======== Data under study ========

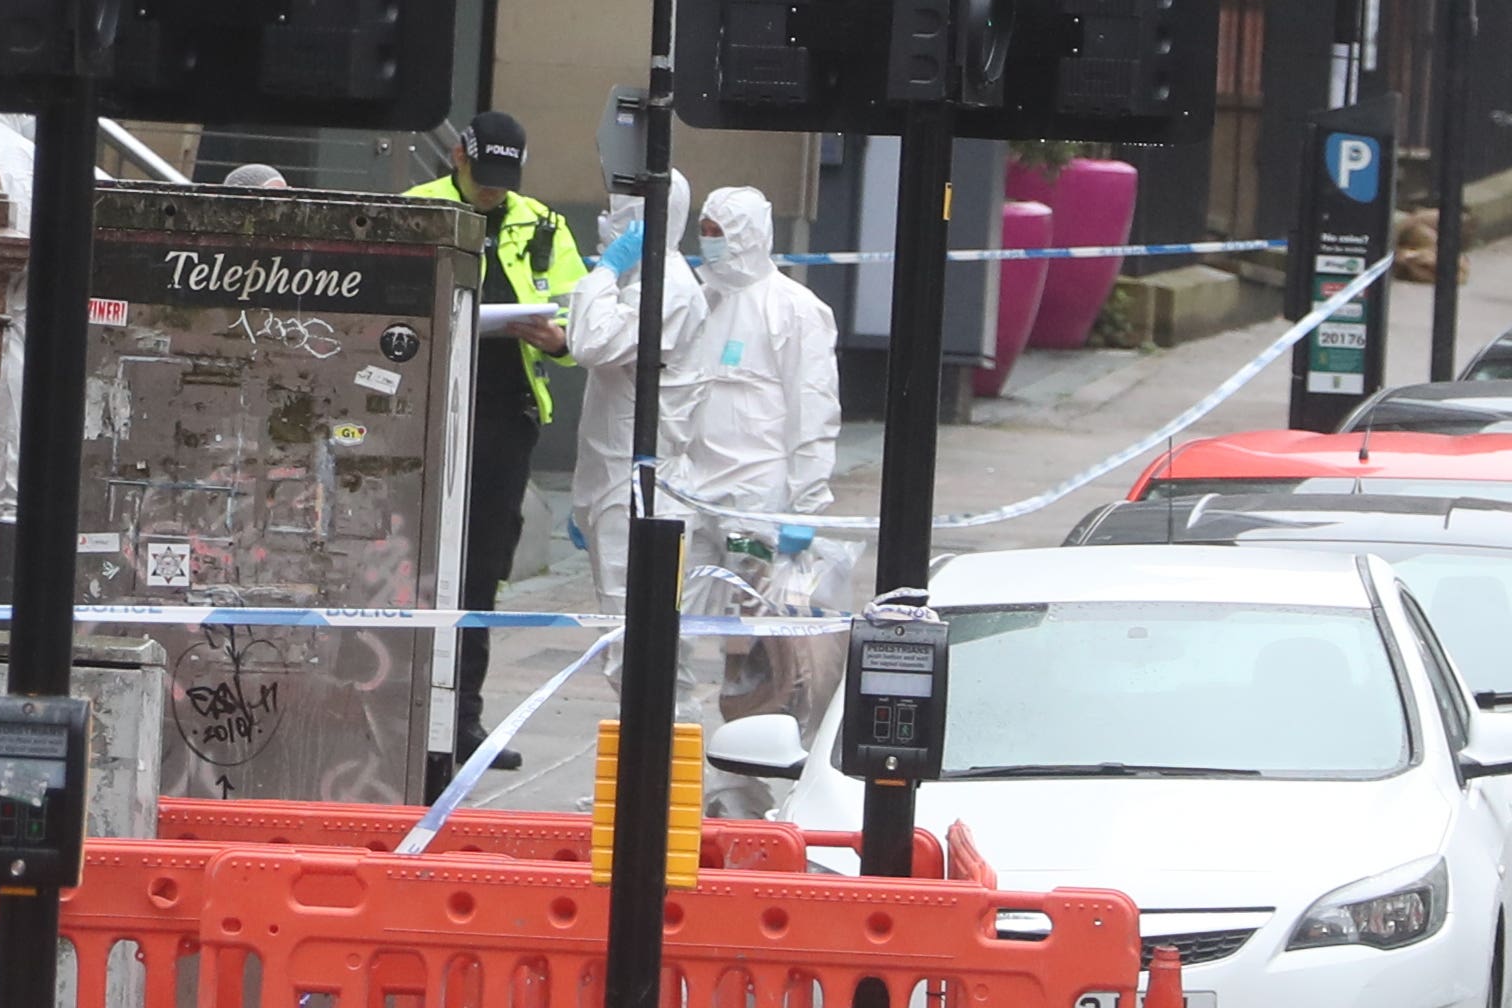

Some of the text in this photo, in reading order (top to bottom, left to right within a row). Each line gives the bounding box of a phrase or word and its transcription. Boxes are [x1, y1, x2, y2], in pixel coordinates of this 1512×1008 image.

[485, 143, 521, 160] POLICE
[1338, 139, 1373, 190] P
[164, 250, 363, 301] Telephone
[1320, 332, 1366, 346] 20176
[341, 427, 356, 439] G1
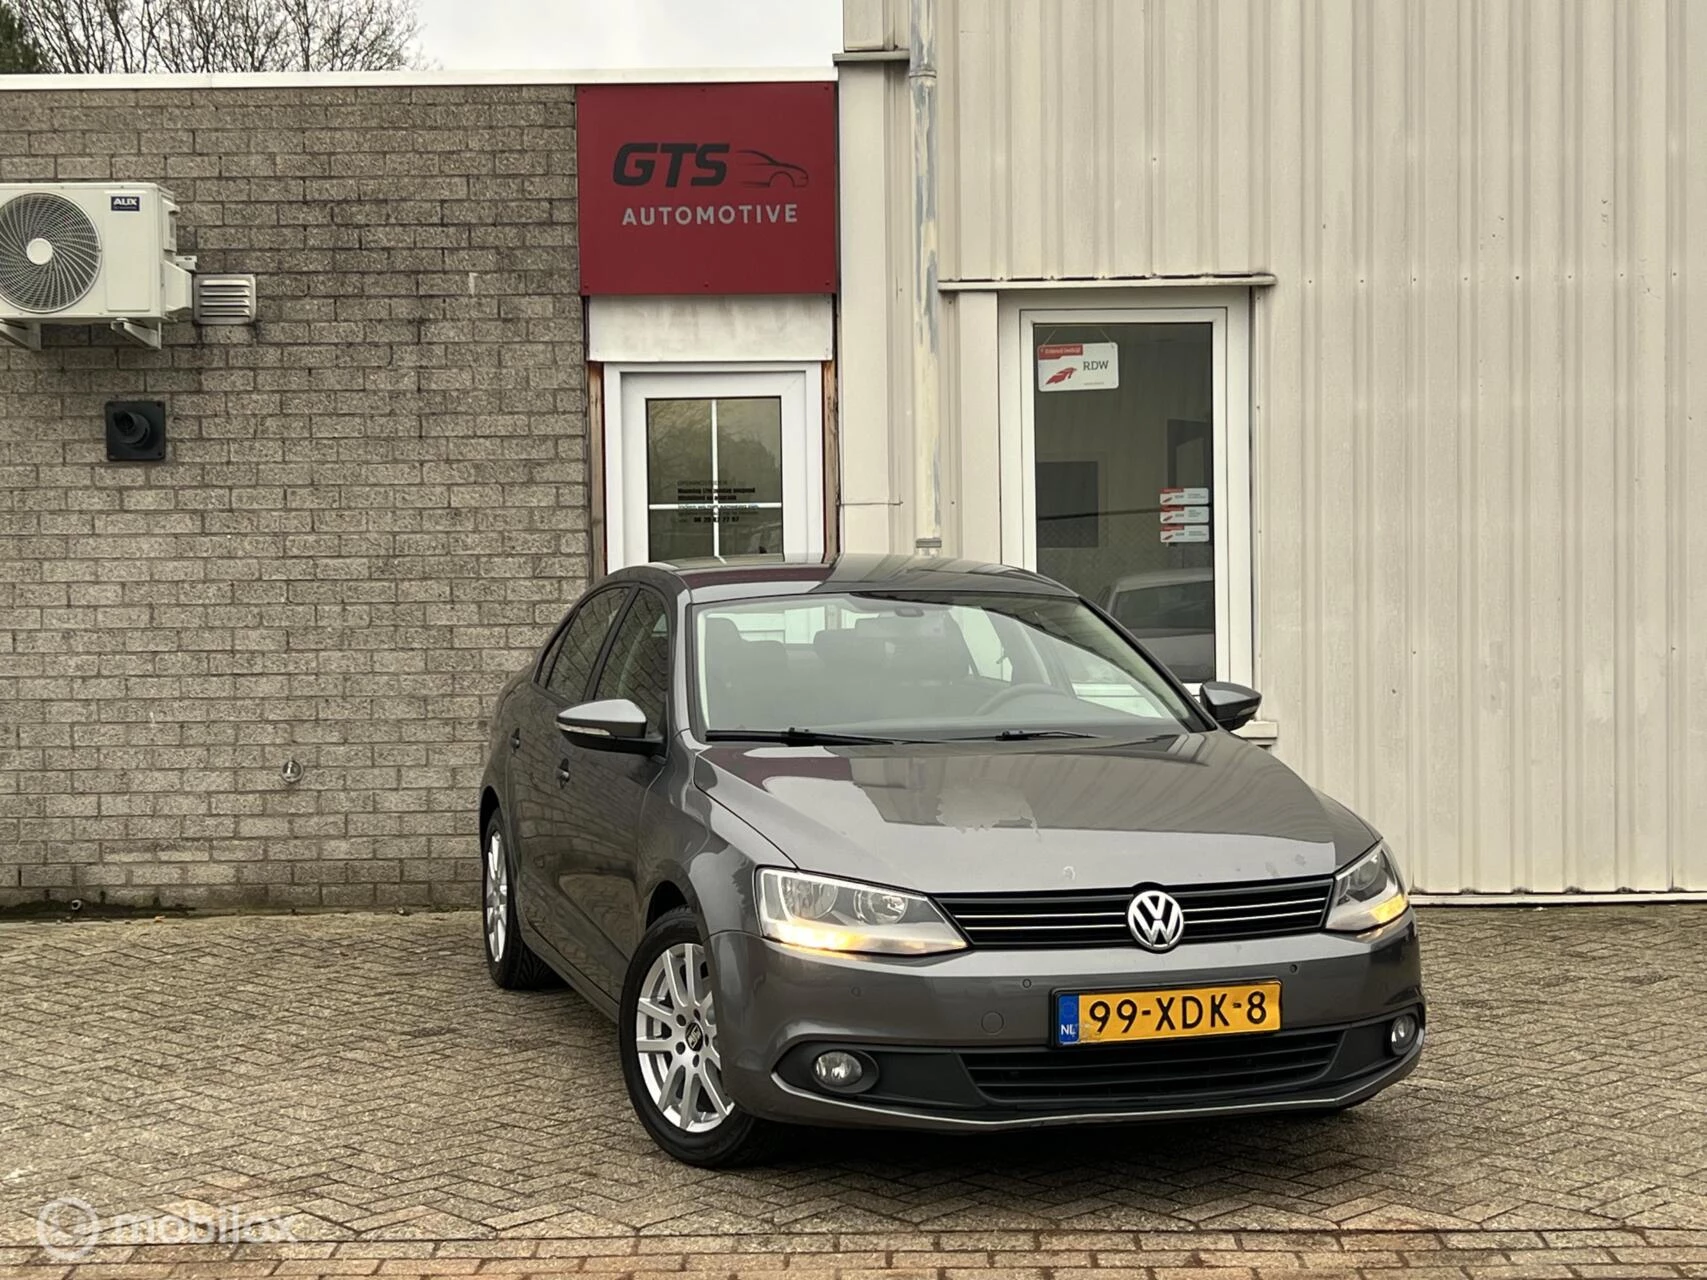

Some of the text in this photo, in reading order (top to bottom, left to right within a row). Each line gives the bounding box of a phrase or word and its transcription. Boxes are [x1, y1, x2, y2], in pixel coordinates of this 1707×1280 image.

[613, 142, 730, 188] GTS
[113, 198, 137, 206] AUX
[622, 204, 798, 226] AUTOMOTIVE
[1083, 360, 1109, 371] RDW
[1088, 991, 1267, 1034] 99-XDK-8
[1061, 1024, 1076, 1036] NL

========

■ **What is expected**
Every entry above has to be repeated exactly, apart from its pictures.

■ **Answer to the exercise**
Some of the text in this photo, in reading order (top to bottom, left to right within a row). Each line gives the bounding box of a phrase or word and its transcription. Boxes are [x1, y1, x2, y2], in pixel coordinates of this 1512×1008 image.

[485, 143, 521, 160] POLICE
[1338, 139, 1373, 190] P
[164, 250, 363, 301] Telephone
[1320, 332, 1366, 346] 20176
[341, 427, 356, 439] G1

Some of the text in this photo, in reading order (top to bottom, left to right within a row). Each line gives the bounding box of a phrase or word and its transcription. Boxes are [x1, y1, x2, y2], in pixel coordinates of this 1707×1280 image.

[613, 142, 730, 188] GTS
[113, 198, 137, 206] AUX
[622, 204, 798, 226] AUTOMOTIVE
[1083, 360, 1109, 371] RDW
[1088, 991, 1267, 1034] 99-XDK-8
[1061, 1024, 1076, 1036] NL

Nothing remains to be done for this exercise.